Le gendarme sourit :
– Largement.
Et il ajouta :
– Comme bien des femmes de l’Île, elle allait ramasser des palourdes à la grève à marée basse, puis elle allait les vendre au marché de Quimper.
– Je vois, dit Mary, songeuse.
Et, comme le silence se prolongeait, le gendarme le rompit :
– Je sens que ces dix mille francs vous troublent.
– Un peu, oui. Ça ne vous paraît pas bizarre, à vous, qu’une personne aux revenus modestes ait un pareil magot en espèces chez elle?
– Non, dit le gendarme. Je connais plusieurs personnes âgées qui vivent de façon plus que frugale et qui détiennent pourtant chez elles des sommes considérables. Annette Bonnetis avait quatre mille six cents francs de pension. Je suis à peu près sûr qu’elle n’y touchait pas.

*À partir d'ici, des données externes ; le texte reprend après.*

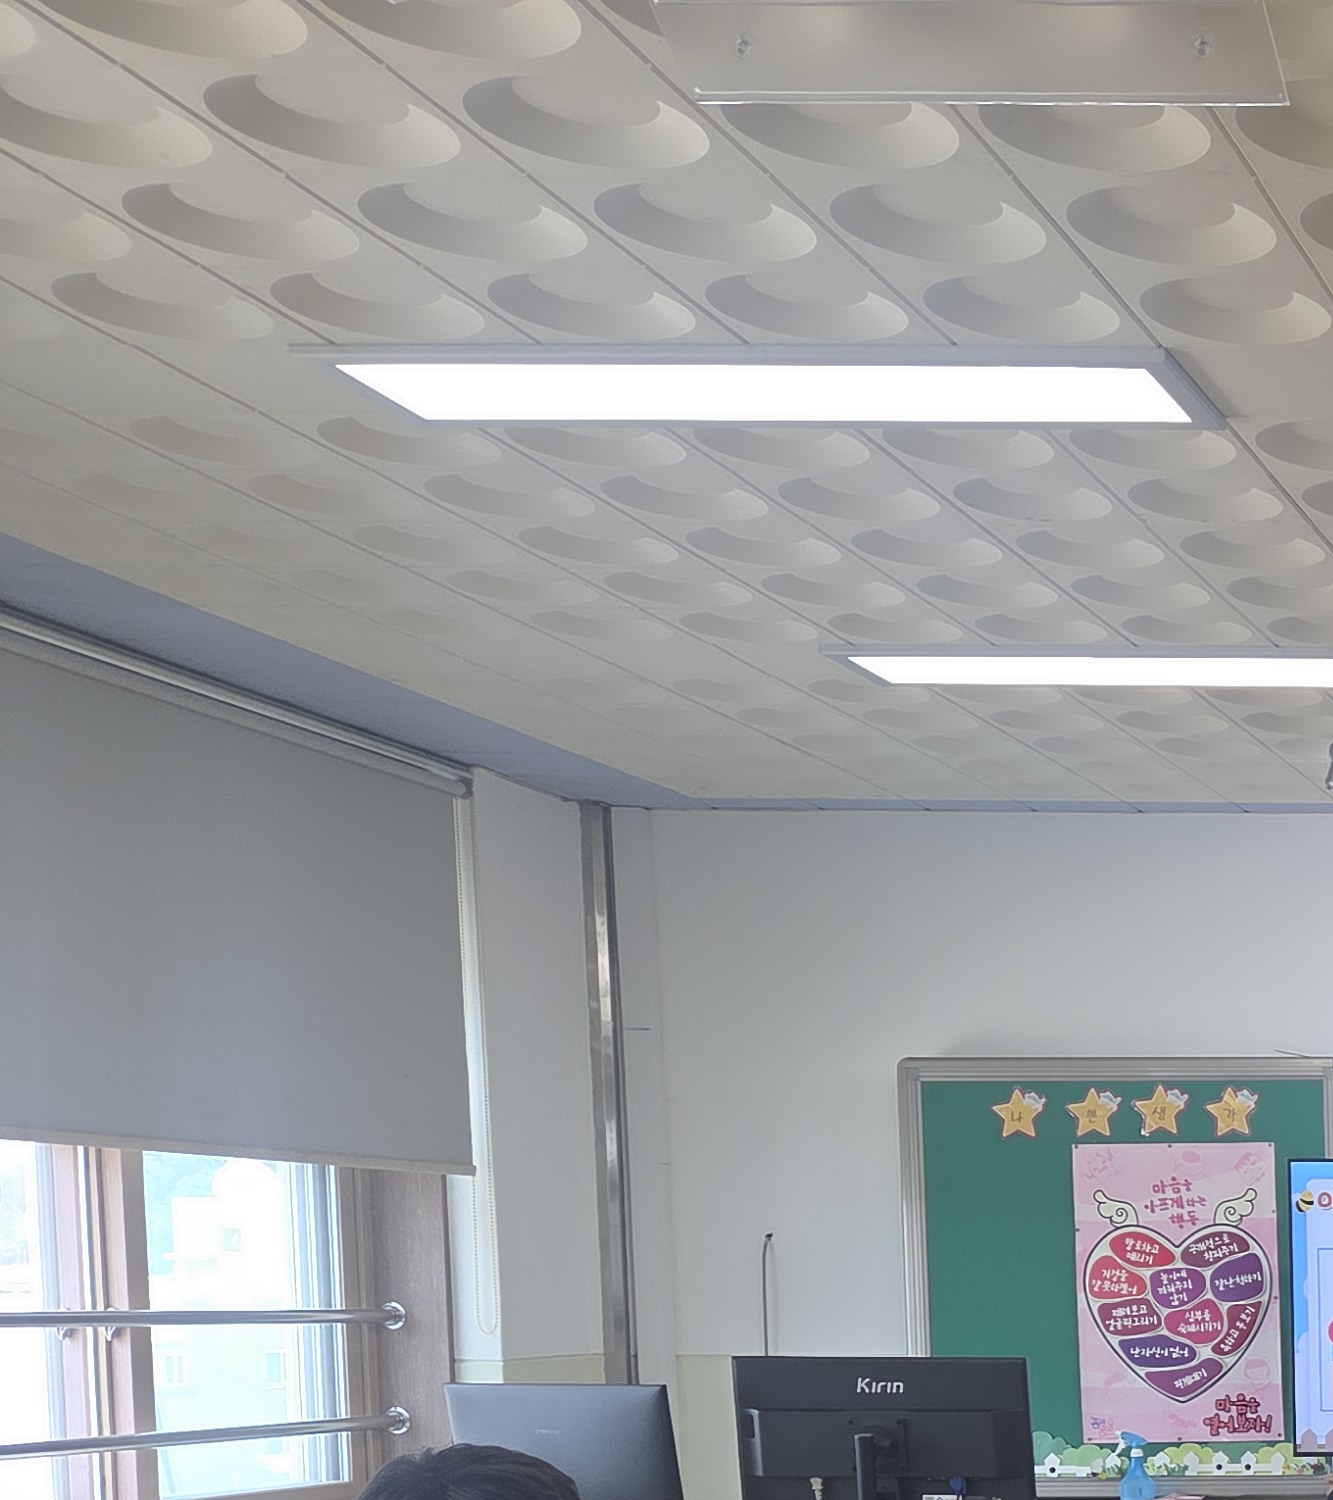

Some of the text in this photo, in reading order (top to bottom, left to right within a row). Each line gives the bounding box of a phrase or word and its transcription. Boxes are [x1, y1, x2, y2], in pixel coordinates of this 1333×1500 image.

[1152, 1176, 1193, 1195] 마음을
[1144, 1196, 1185, 1214] 아프게
[1169, 1210, 1200, 1229] 행동
[856, 1377, 904, 1394] Kirin
[1214, 1393, 1261, 1415] 마음을

– Mais alors, comment vivait-elle?
Le gendarme sourit :
– Comme vivaient ses parents, comme on vivait ici au siècle dernier : pour les menues dépenses, l’argent des palourdes, des bigorneaux de la grève que l’on va vendre au mareyeur. Pour manger, un cousin, un voisin qui cultive son lopin et lui fournit ses légumes, un autre voisin qui l’approvisionne en poissons. Je suis sûr que de la viande, elle n’en mangeait pas une fois par mois. Une tranche de jambon de-ci, de-là peut-être… Dans le petit jardin, derrière sa maison, il y a quelques poules, des fruitiers en espalier, quelques planches de légumes. Les œufs de ses poules, les fruits du jardin. Du café, du pain et du beurre…

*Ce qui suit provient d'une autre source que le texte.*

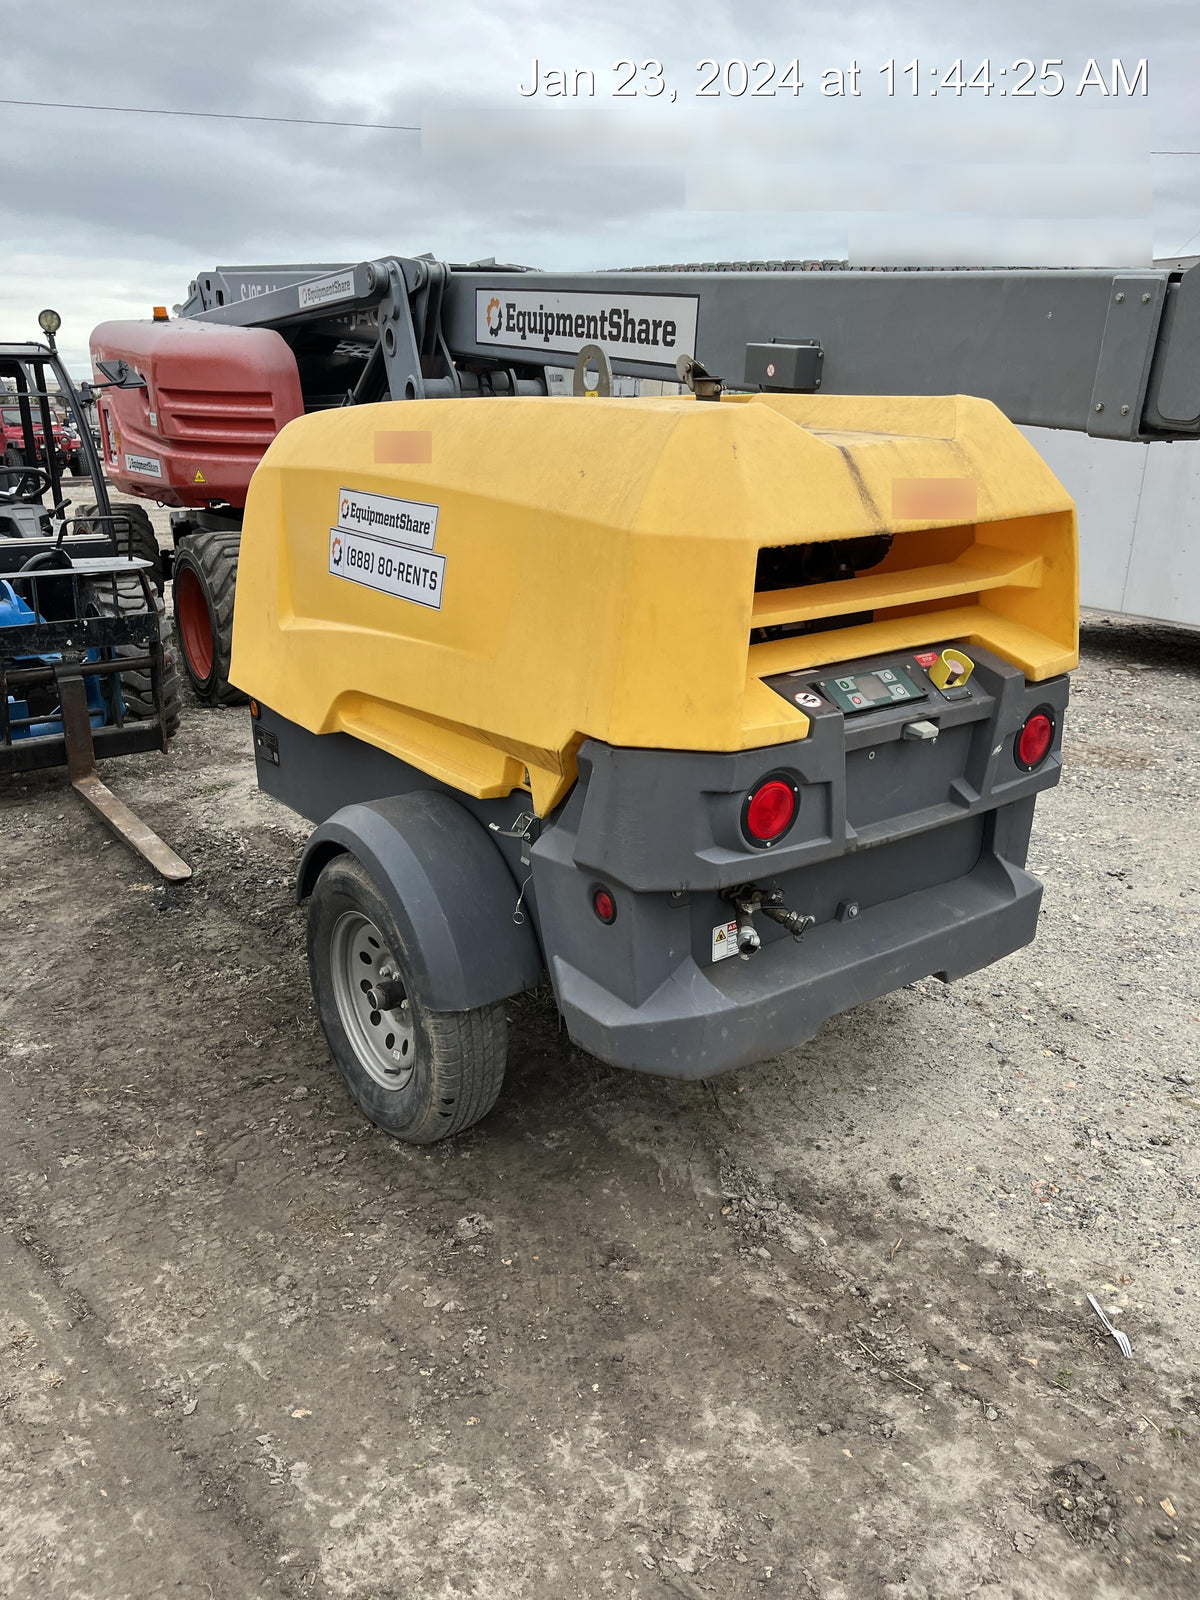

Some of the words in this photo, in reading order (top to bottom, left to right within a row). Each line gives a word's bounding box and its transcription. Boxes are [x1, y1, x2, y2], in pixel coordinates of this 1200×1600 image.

[307, 279, 351, 303] EquipmentShare
[505, 302, 677, 348] EquipmentShare
[350, 502, 431, 535] EquipmentShare
[346, 545, 375, 574] (888)
[377, 556, 438, 591] 80-RENTS

Il regarda Mary en souriant :
– Je sais bien que ça peut paraître incroyable pour une jeune femme comme vous, mais avec leur maigre pension, les dames de cette génération sont nombreuses à avoir des livrets de caisse d’épargne bien remplis. Sans compter les boîtes de biscuits pleines de billets qui dorment dans les armoires, sous les piles de drap.
Il sourit de nouveau :
– Quand elles décèdent, les héritiers ont parfois des surprises.
Il rangea les photos dans la chemise cartonnée, resserra la sangle de toile et la tendit à Mary :
– C’est un double du dossier que j’ai préparé à votre intention.
– Merci, dit-elle. Je crois que je vais aller voir les lieux. A-t-on posé les scellés?
– Pas encore. Nous avons simplement refermé la porte à clé et je laisse un des mes hommes sur place en permanence.
Mary se leva :
– Qu’en pensez-vous, monsieur l’adjudant-chef?
Le gendarme se leva à son tour :
– On a tout de suite pensé à un crime de rôdeur. Et, pour tout vous dire, la rumeur publique a déjà trouvé le coupable : il serait dans un camp de nomades qui stationnent depuis une semaine sur la dune en toute illégalité.
Il fit deux pas dans la pièce, pensif :
– Mais, à mon sens, ce n’est pas la bonne piste : rien n’a disparu. Les gens du voyage traînent derrière eux une réputation de voleurs de poules et il est d’usage, quand ils arrivent quelque part, de leur attribuer tous les chapardages commis dans le canton. Cependant, ce n’est pas leur style. Voyez-vous, mademoiselle Lester, si ces dix mille francs avaient mystérieusement disparu de l’armoire d’Annette Bonnetis, on aurait pu penser que c’était eux. Pénétrer dans une maison sans bruit comme un renard dans le poulailler et repartir avec le butin sans éveiller quiconque, ils en sont capables. Tuer aussi vilainement et partir les mains vides, je n’y crois pas.
– Alors, dit Mary, qui?
Le gendarme leva les yeux au ciel :
– C’est là tout le problème! Nous vérifions, nous interrogeons depuis deux jours, mais pour le moment nous n’avons rien trouvé.
Il ouvrit la porte :
– Et vous, mademoiselle Lester, comment allez-vous procéder?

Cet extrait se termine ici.